他重新抿了一口蒸餾酒,指向太宰身上的繃帶,“你的傷又多了啊。”
任何光榮都是需要付出代價的。織田作知道,太宰的身上刻著許多傷口,都是他立功的回報。簡單來說,太宰身上全是傷,他的身體經常處于某個地方需要維修的狀態。這讓織田作重新意識到,太宰所呼吸和生活著的地方,就是暴力與死亡的中樞。
太宰低頭看了看自己的身體,織田作指著他的腿,問道,“你這腿是怎么受的傷”問的同時,織田作已經猜到大概率是因為慘不忍睹的廝殺造成的了。
但太宰給出了令人意外的回答。
“我邊走路邊看一本名叫如何避免意外傷害的書,不小心掉排水溝里去了。”
這個原因聽上去太敷衍了,敷衍到不像假的。
織田作又重新指了指太宰的胳膊,“你胳膊上的傷呢”
“開車太快從山崖上掉下去了。”
“額頭上的繃帶呢”
“我嘗試了一下什么叫拿塊豆腐撞死。”
“這傷是豆腐造成的嗎”織田作無法理解,如果真是這樣,那太宰缺鈣的程度太讓人絕望了。
“為了讓豆腐變得堅硬,我獨創了一種制作方法。像是用鹽把水分都抽出來啦,在上面放秤砣之類的在自己的廚房里。然后豆腐就變得非常堅硬了,甚至可以用來敲釘子哦,而且組織里的所有人現在對豆腐的作法都已經了如指掌了。”
afia的“黑色幽靈”針對制作豆腐自創了一套獨門秘方,不愧是太宰治,做的事就是別具一格。
作為太宰治朋友的底層員工,織田作的關注點也不太正常。
“做出來的豆腐好吃嗎”織田作問太宰。
“非常遺憾”太宰皺起了眉,露出一副不情愿的表情,切成薄片沾著醬油吃,實在太好吃了。”
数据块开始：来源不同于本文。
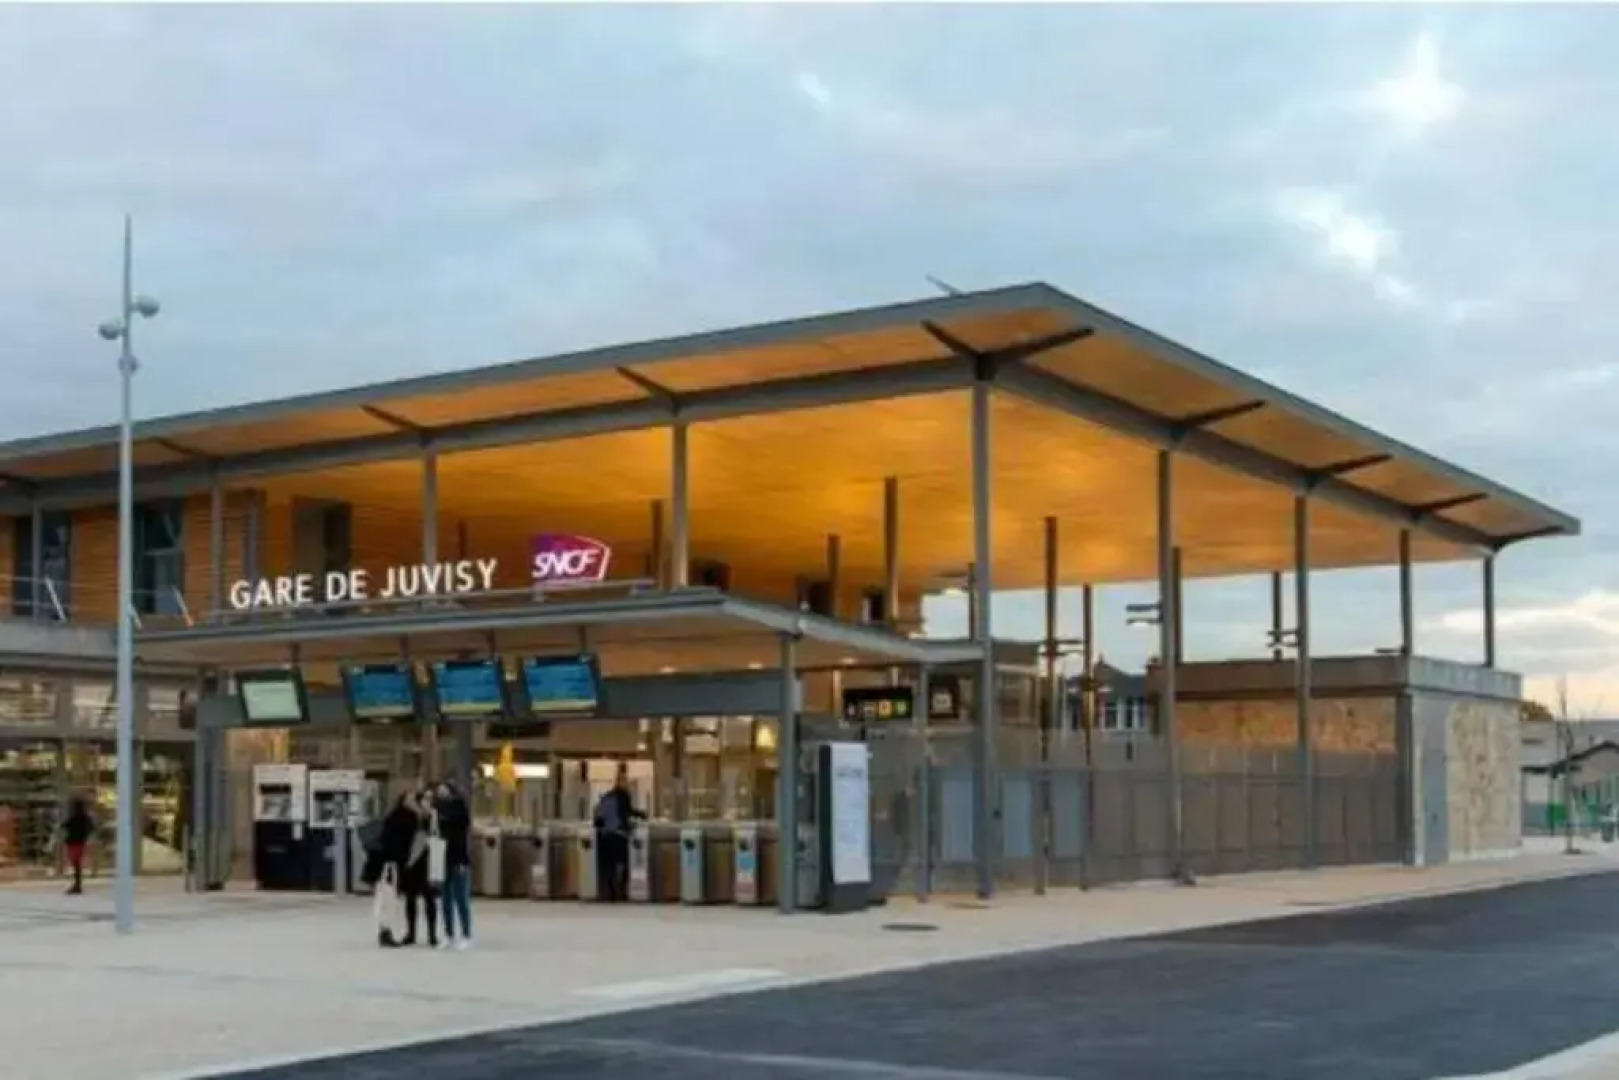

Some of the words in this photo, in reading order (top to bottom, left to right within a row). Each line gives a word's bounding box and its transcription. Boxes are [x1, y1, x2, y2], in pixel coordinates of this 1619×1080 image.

[532, 549, 600, 578] SNCF
[230, 575, 313, 610] GARE
[325, 569, 368, 602] DE
[380, 558, 498, 598] JUVISY
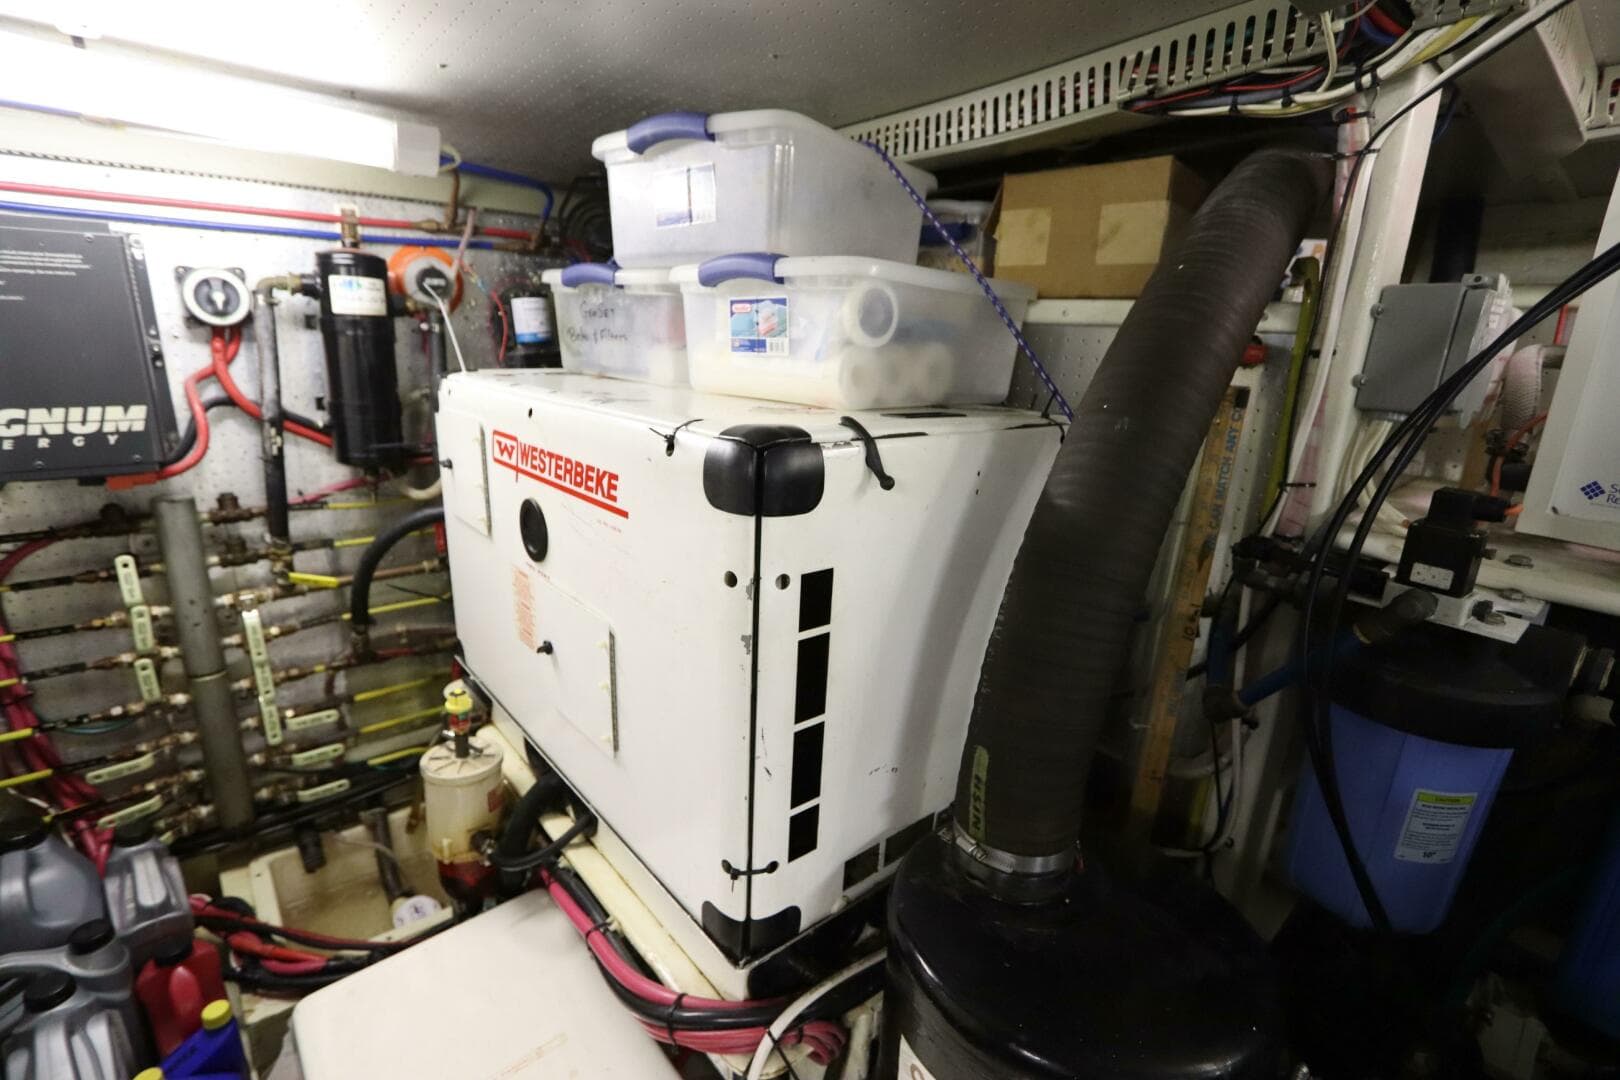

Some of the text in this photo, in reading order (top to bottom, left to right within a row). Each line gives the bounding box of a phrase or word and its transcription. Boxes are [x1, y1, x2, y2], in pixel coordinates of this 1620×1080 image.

[519, 441, 619, 503] WESTERBEKE
[1215, 455, 1233, 500] MATCH
[1225, 427, 1240, 452] ANY
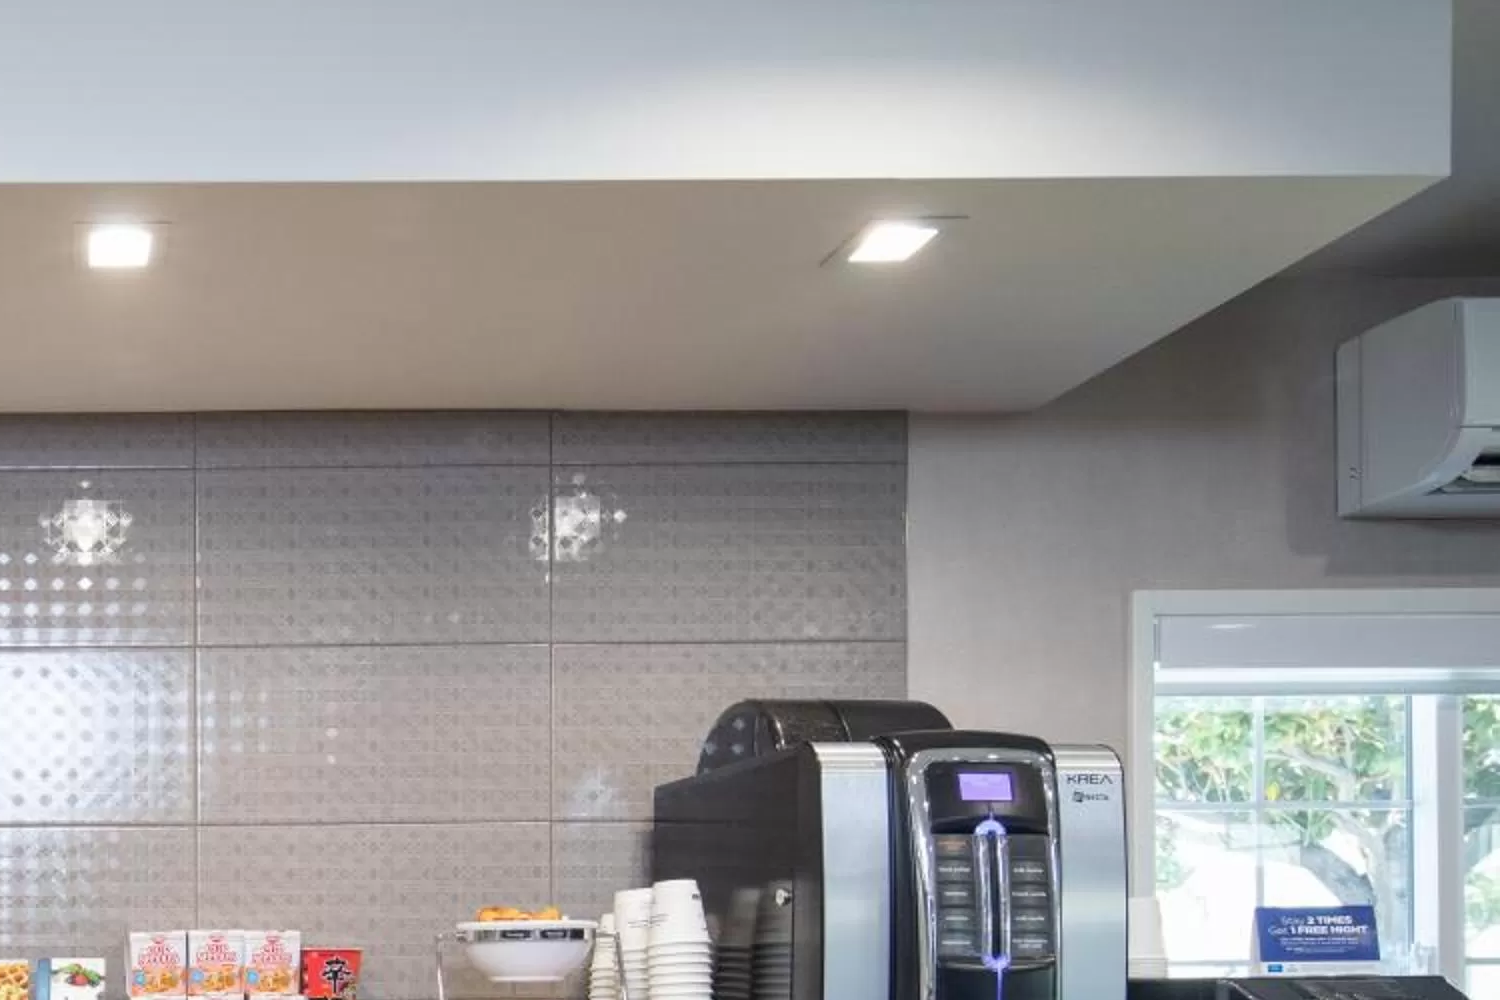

“居然是好吃的”織田作贊嘆了一句。太宰這個男人,不管做什么都會得到常人無法得到的戰果。“那下次讓我嘗嘗吧。”
“好啊。”太宰答應得很爽快,“我讓老板拿出來,馬上就可以吃了。”
“啊,太宰你是做好了帶過來的。”織田作有些驚訝,雖然從外表看不出來。
太宰沉默片刻,低聲回復道,“因為感覺應該拿給織田作嘗一嘗。”
“這樣啊。”織田作看向酒保,“那老板,麻煩你了。”
能把人的額頭磕破的豆腐,織田作想知道那是什么樣的。
“太宰君的興趣愛好沒有變化呢。”看到這熟悉的一幕,森不禁露出無奈的微笑。
太宰總是致力于尋找新的自殺方式,甚至會做出在戰場上向敵人的槍口撞上去這樣的事情。他身上的傷口密密麻麻,但絕大部分并非來自槍林彈雨的戰場,而是各種令人匪夷所思的事件。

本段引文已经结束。